During training an RNN is optimized to minimize the loss, so the choice of loss function can be crucial for determining exactly what the network learns. By default, the loss function is mean_squared_error. Our Backend also includes an option for using binary_cross_entropy as the loss function. Other loss functions can be easily defined with some TensorFlow knowledge and added to the LossFunction class. Loss functions take in the network output (predictions), the target output (y) and the output_mask, and return a float calculated using the TensorFlow graph.

Regularizers

Regularizers are penalties added to the loss function that may help prevent the network from overfitting to the training data. We include options for L2-norm and L1-norm regularization for the synaptic weights, which tend to reduce the magnitude of weights and sparsify the resulting weight matrices. In addition, we include L2-norm regularization on the post-nonlinearity recurrent unit activity, r. Other regularizations can be added to the Regularizer class through TensorFlow. By default, no regularizations are used.

Optimizers

PsychRNN is built to take advantage of the many optimizers available in the TensorFlow package. Instead of explicitly defining equations for back propagation through time, PsychRNN converts the user supplied Task and RNN into a “graph” model interpretable by TensorFlow. TensorFlow can then automatically generate gradients of the user supplied LossFunction with respect to the weights of the network. These gradients can then be used by any TensorFlow optimization algorithm such as stochastic gradient descent, Adam or RMSProp to update the weights and improve task performance (Ruder, 2017).
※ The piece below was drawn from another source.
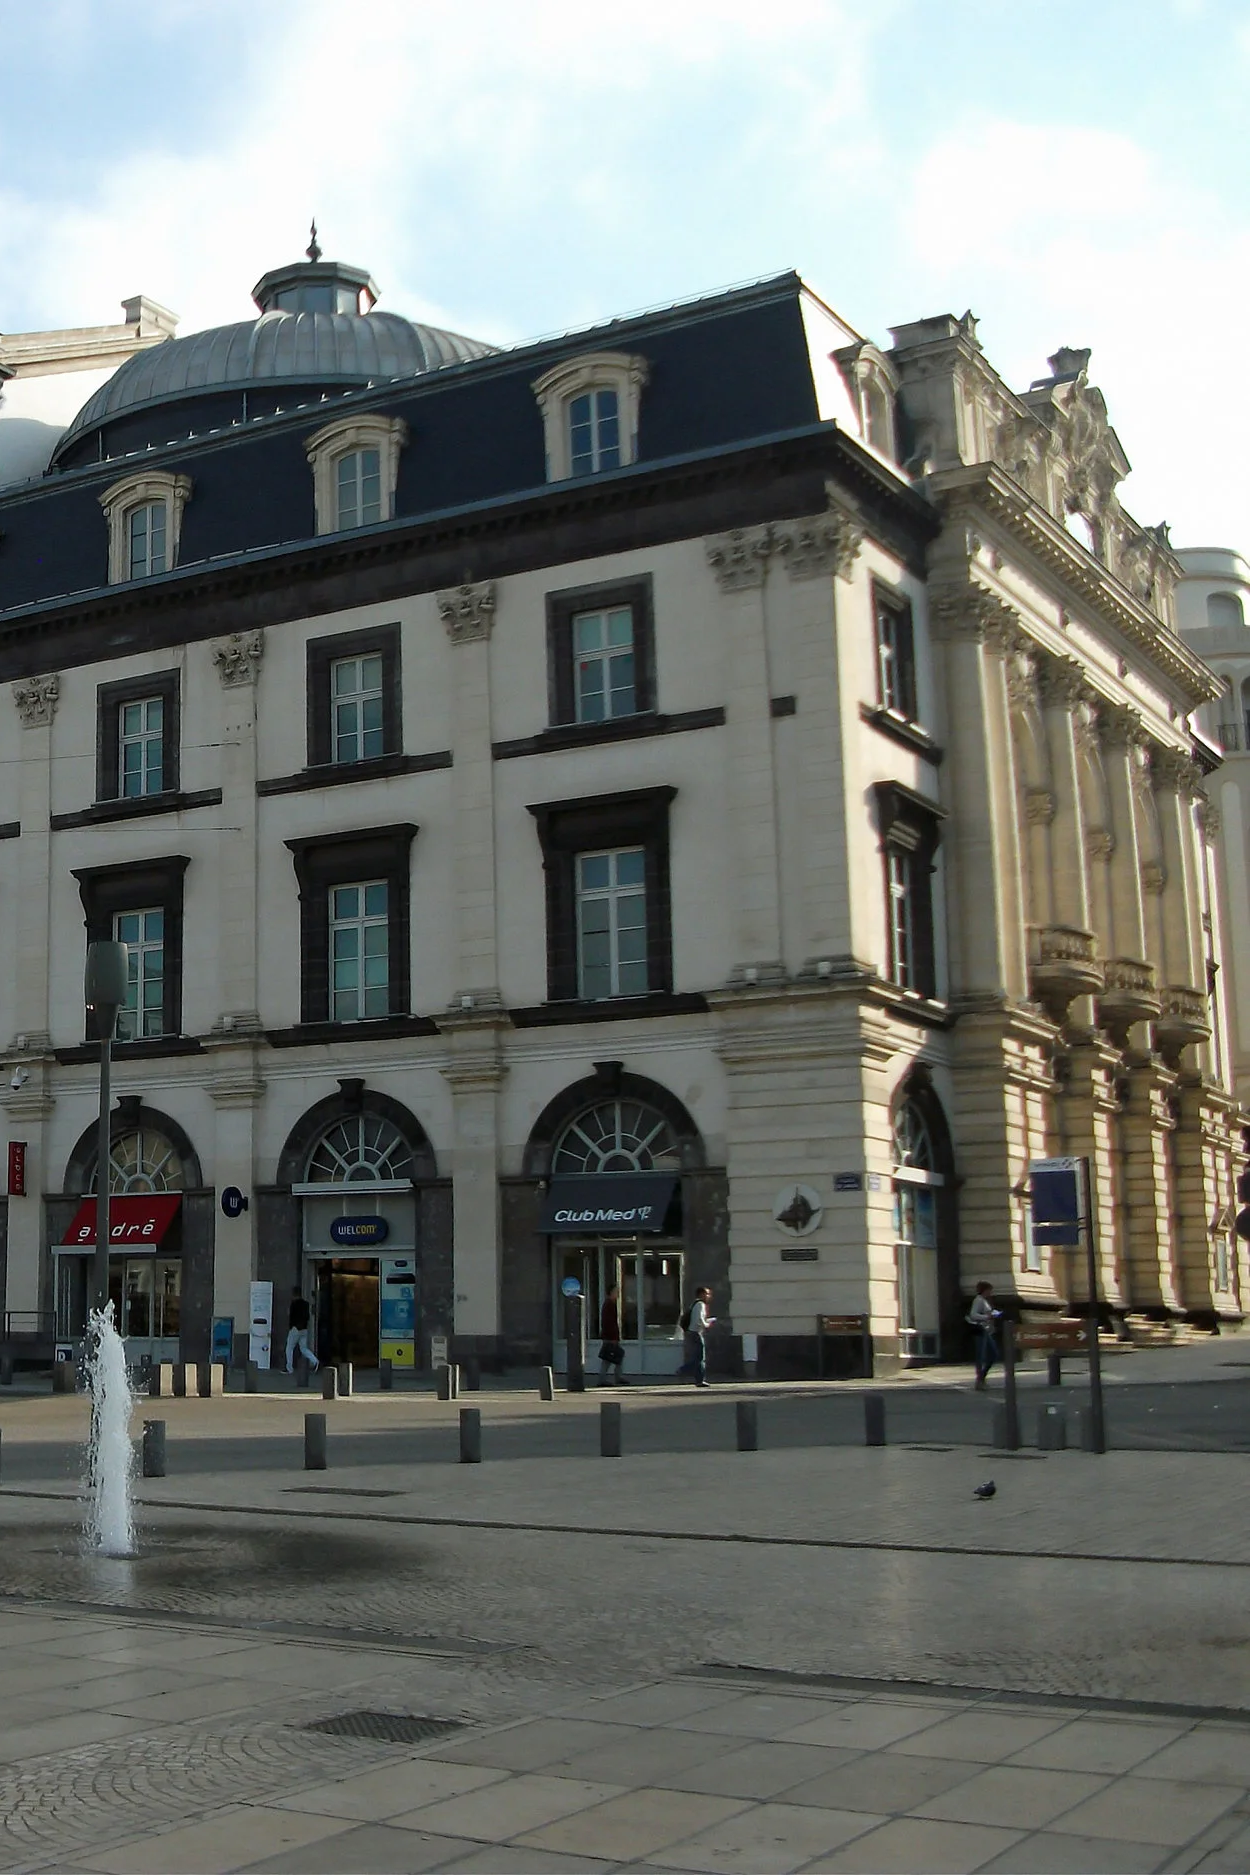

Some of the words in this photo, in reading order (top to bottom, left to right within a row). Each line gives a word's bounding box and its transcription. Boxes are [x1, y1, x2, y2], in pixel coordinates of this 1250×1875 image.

[554, 1209, 594, 1222] Club
[595, 1207, 635, 1221] Med
[77, 1219, 156, 1242] adré
Neurobiologically motivated connectivity constraints

PsychRNN is designed for investigation of neurobiologically motivated constraints on the input, recurrent, and output synaptic connectivity patterns. The user can specify which synaptic connections are allowed and which are forbidden (set to zero) through optional user-defined masks at the point of RNN model initialization. This feature enables modeling neural architectures including sparse connectivity and multi-region networks (Rikhye et al., 2018). Optional user-defined masks allow specification of which connections are fixed in their weight values, and which connections are plastic for optimization during training (Rajan et al., 2016). By default, all weights are allowed to be updated by training. PsychRNN also enables implementation of Dale’s principle, such that each recurrent unit’s synaptic weights are all of the same sign (i.e., each neuron’s postsynaptic weights are either all excitatory or all inhibitory; Song et al., 2016). The optional parameter dales_ratio sets the proportion of excitatory units, with the remaining units set as inhibitory.

Curriculum learning

Curriculum learning refers to the presentation of training examples structured into successive discrete blocks sorted by increasing difficulty (Bengio et al., 2009; Krueger and Dayan, 2009). Task modularity in PsychRNN enables an intuitive framework for curriculum learning that does not require TensorFlow knowledge. Curriculum learning is implemented by passing a Curriculum object to the RNN model when training is executed. Although very flexible and customizable, the simplest form of the Curriculum object can be instantiated solely with the list of tasks that one wants to train on sequentially.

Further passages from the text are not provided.